How to complete this task: Return all the entries exactly, keeping pictures out.

Material provided below:

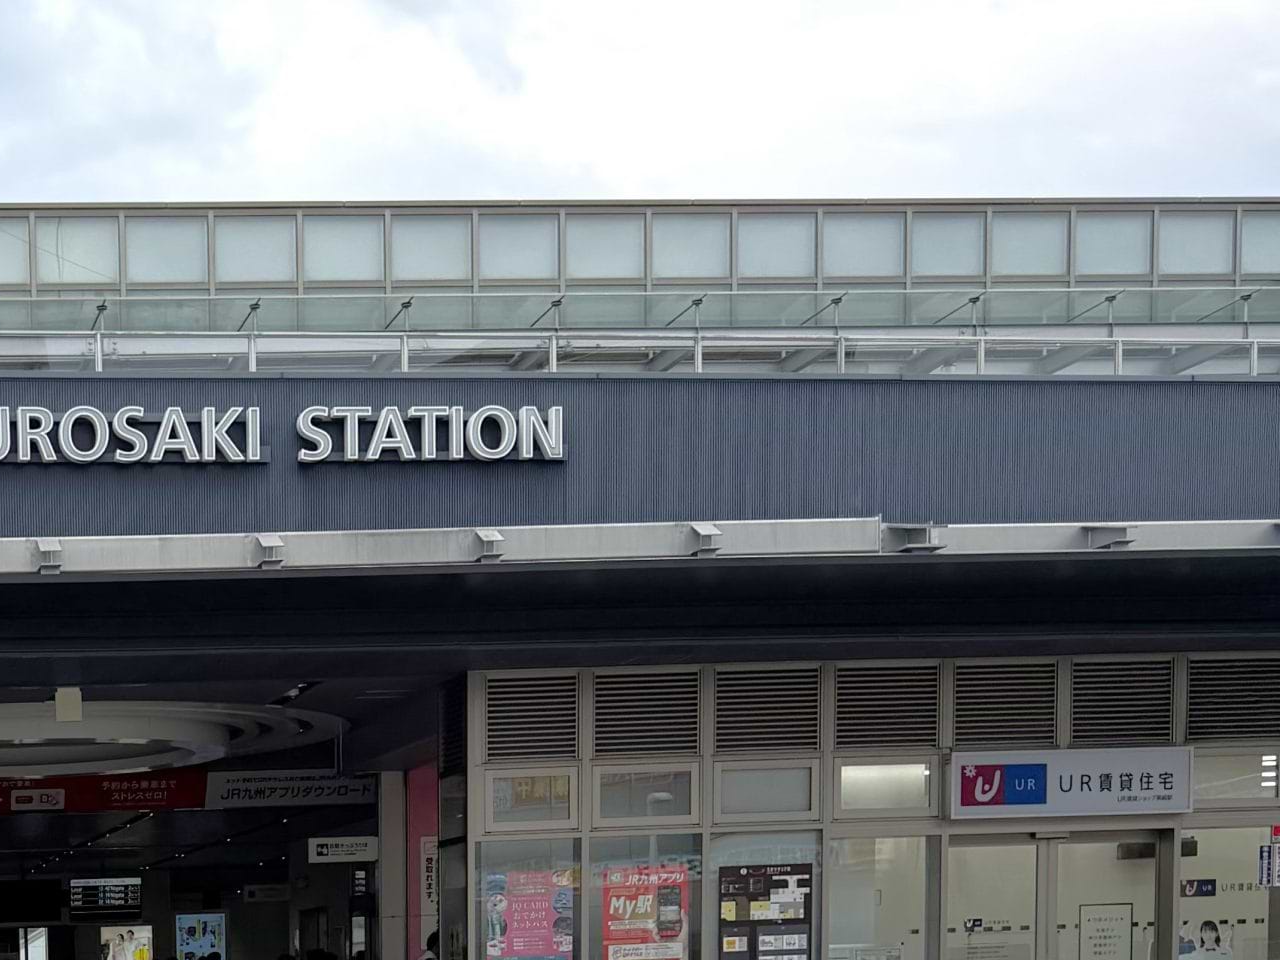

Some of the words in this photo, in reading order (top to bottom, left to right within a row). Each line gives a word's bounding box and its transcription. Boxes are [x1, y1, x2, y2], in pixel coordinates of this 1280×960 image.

[296, 403, 565, 463] STATION
[1015, 778, 1036, 791] UR
[1058, 771, 1175, 793] UR賃貸住宅
[220, 784, 371, 800] JR九州アプリダウンロード
[624, 872, 685, 886] JR九州アプリ
[609, 894, 654, 919] My駅
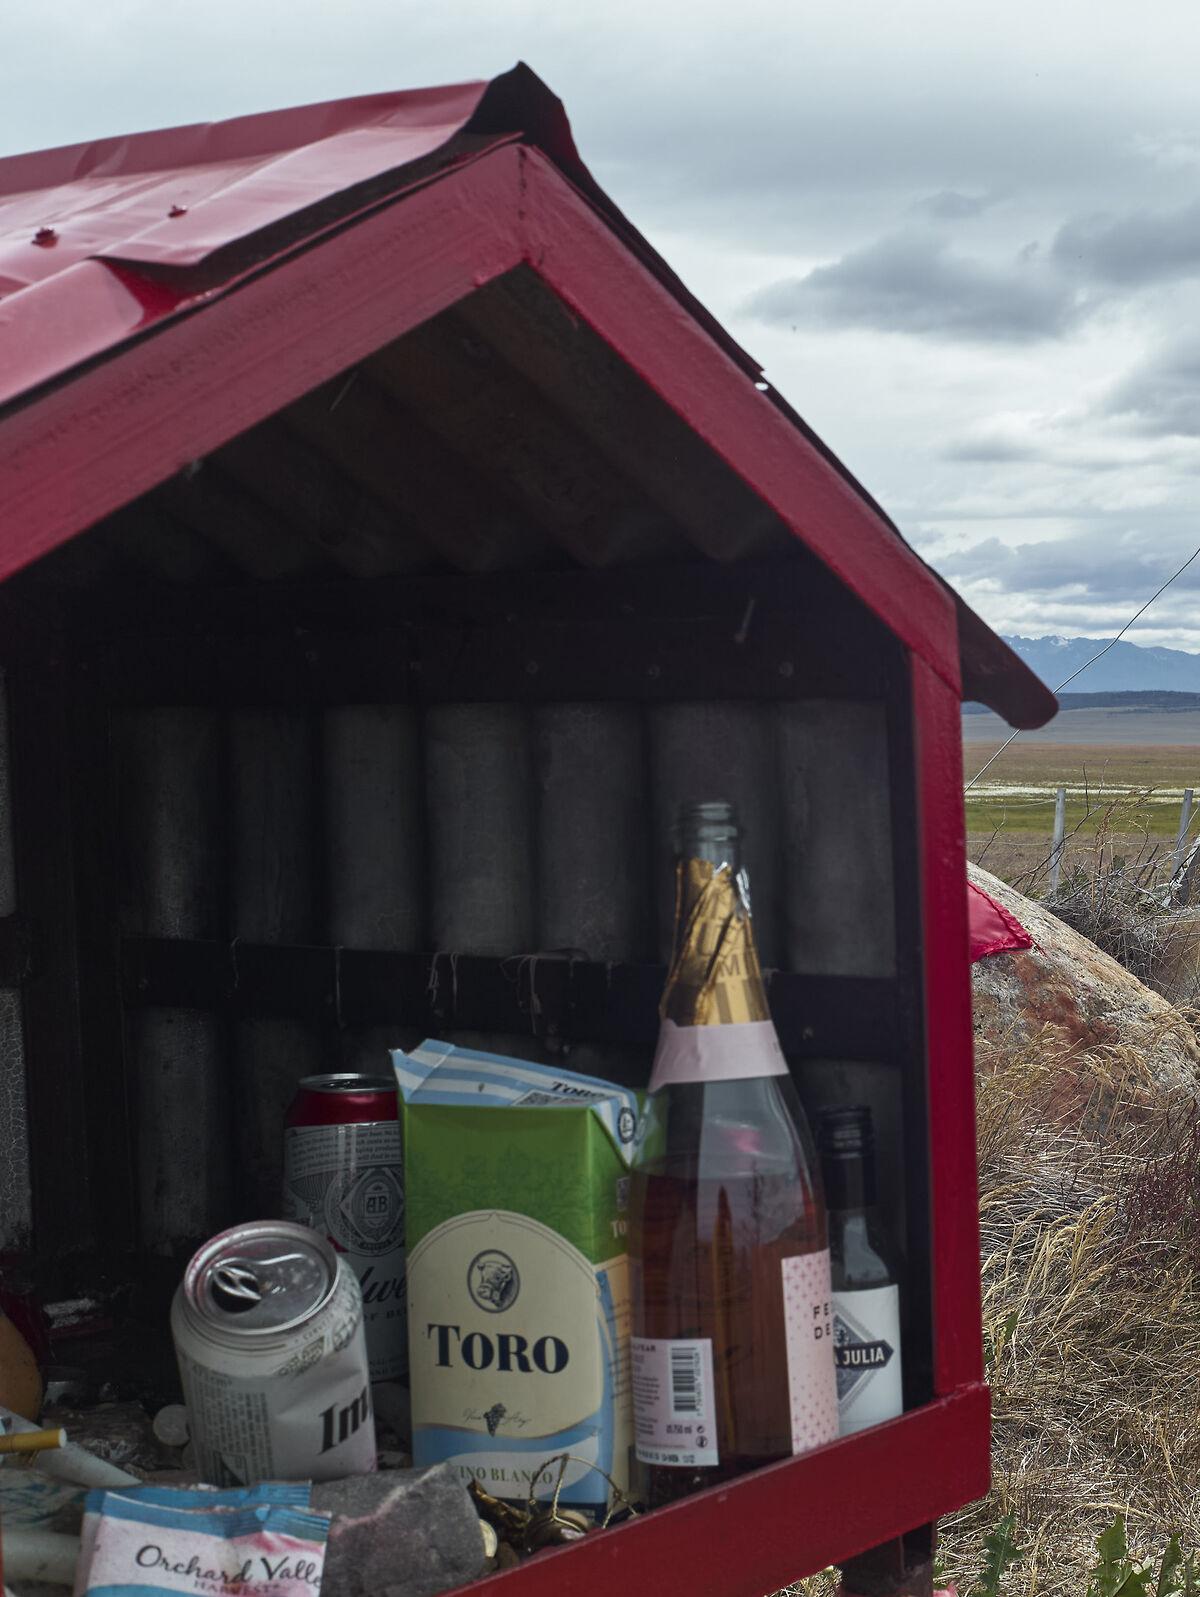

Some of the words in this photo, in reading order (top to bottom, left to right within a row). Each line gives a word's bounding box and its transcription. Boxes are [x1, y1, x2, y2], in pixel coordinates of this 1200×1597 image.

End of Material provided.

Task solution:
Some of the words in this photo, in reading order (top to bottom, left to right within a row). Each line gives a word's bounding box and its transcription. Boxes are [x1, y1, x2, y2], in pixel coordinates of this 1280×960 image.

[296, 403, 565, 463] STATION
[1015, 778, 1036, 791] UR
[1058, 771, 1175, 793] UR賃貸住宅
[220, 784, 371, 800] JR九州アプリダウンロード
[624, 872, 685, 886] JR九州アプリ
[609, 894, 654, 919] My駅

Some of the words in this photo, in reading order (top to bottom, left to right within a row). Each line gives a word's bounding box and its transcription. Boxes are [x1, y1, x2, y2], in pixel coordinates of this 1200×1597 image.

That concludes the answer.